À ce mot, le marchand releva la tête, et eut un singulier sourire. Frédéric, prenant l’occasion qui s’offrait de parler d’elle, ajouta timidement :

— Est-ce que je ne pourrai pas la voir ?

Elle était dans son pays, près de sa mère malade.

Il n’osa faire de questions sur la durée de cette absence. Il demanda seulement quel était le pays de Mme  Arnoux.

— Chartres ! Cela vous étonne ?

— Moi ? non ! pourquoi ? Pas le moins du monde !

Ils ne trouvèrent, ensuite, absolument rien à se dire. Arnoux, qui s’était fait une cigarette, tournait autour de la table, en soufflant. Frédéric, debout contre le poêle, contemplait les murs, l’étagère, le parquet ; et des images charmantes défilaient dans sa mémoire, devant ses yeux plutôt. Enfin il se retira.

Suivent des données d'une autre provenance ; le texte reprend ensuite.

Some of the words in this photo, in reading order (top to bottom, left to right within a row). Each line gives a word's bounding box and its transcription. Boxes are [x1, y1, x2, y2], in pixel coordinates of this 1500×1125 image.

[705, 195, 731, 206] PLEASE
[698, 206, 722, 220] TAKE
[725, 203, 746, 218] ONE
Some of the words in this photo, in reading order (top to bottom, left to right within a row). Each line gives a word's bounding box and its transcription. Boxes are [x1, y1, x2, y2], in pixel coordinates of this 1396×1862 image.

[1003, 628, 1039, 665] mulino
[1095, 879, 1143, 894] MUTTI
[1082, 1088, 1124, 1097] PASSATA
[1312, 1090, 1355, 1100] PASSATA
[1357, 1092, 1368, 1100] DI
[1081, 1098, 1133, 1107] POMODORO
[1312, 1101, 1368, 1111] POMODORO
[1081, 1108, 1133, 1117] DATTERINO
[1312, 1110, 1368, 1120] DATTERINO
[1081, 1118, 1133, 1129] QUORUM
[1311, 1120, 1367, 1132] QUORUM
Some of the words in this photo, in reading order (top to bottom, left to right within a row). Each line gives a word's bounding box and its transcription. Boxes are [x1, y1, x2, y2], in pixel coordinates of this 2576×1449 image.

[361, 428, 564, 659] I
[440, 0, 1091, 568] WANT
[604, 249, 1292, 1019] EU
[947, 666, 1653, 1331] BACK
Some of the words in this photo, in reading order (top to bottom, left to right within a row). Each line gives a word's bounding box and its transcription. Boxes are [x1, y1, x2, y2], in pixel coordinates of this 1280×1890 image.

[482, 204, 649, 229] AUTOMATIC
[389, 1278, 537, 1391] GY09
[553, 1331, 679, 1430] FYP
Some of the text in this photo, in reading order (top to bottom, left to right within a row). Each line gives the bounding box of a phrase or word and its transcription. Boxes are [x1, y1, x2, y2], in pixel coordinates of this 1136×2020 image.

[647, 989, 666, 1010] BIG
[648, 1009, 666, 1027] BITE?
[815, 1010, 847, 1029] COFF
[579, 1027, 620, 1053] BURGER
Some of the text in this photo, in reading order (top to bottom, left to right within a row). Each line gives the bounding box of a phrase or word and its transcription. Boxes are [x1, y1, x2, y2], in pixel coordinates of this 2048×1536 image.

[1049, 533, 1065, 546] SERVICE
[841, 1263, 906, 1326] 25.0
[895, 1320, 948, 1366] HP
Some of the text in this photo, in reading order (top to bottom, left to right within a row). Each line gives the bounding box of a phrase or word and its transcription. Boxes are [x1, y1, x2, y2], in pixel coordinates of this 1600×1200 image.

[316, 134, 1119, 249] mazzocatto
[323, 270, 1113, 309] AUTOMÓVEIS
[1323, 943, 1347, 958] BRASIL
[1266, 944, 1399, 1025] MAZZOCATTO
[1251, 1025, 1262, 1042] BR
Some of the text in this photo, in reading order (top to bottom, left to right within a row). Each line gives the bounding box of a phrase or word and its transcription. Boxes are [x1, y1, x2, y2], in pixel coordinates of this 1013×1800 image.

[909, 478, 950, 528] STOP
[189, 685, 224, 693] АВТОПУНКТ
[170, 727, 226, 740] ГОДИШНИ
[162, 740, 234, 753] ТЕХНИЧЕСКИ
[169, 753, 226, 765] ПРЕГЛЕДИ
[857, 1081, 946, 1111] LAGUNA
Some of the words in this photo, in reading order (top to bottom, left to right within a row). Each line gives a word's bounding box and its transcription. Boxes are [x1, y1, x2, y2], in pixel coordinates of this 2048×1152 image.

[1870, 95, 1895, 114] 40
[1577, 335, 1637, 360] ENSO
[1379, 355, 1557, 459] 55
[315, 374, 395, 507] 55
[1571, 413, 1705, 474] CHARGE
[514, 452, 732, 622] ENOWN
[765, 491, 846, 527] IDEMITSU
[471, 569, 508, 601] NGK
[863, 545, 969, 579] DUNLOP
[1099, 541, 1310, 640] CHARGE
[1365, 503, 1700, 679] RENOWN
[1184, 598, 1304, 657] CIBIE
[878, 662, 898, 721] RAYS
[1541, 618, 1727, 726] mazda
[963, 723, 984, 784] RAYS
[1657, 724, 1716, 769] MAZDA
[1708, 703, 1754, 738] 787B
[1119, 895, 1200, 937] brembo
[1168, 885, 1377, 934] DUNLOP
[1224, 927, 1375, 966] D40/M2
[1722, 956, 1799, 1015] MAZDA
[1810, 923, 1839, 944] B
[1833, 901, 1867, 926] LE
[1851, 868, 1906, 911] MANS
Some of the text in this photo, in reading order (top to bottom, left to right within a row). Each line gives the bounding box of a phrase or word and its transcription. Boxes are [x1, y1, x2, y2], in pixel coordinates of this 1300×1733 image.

Un morceau de journal, roulé en boule, traînait par terre, dans l’antichambre ; Arnoux le prit ; et, se haussant sur la pointe des pieds, il l’enfonça dans la sonnette, pour continuer, dit-il, sa sieste interrompue. Puis, en lui donnant une poignée de main :

— Avertissez le concierge, s’il vous plaît, que je n’y suis pas !

Et il referma la porte sur son dos, violemment.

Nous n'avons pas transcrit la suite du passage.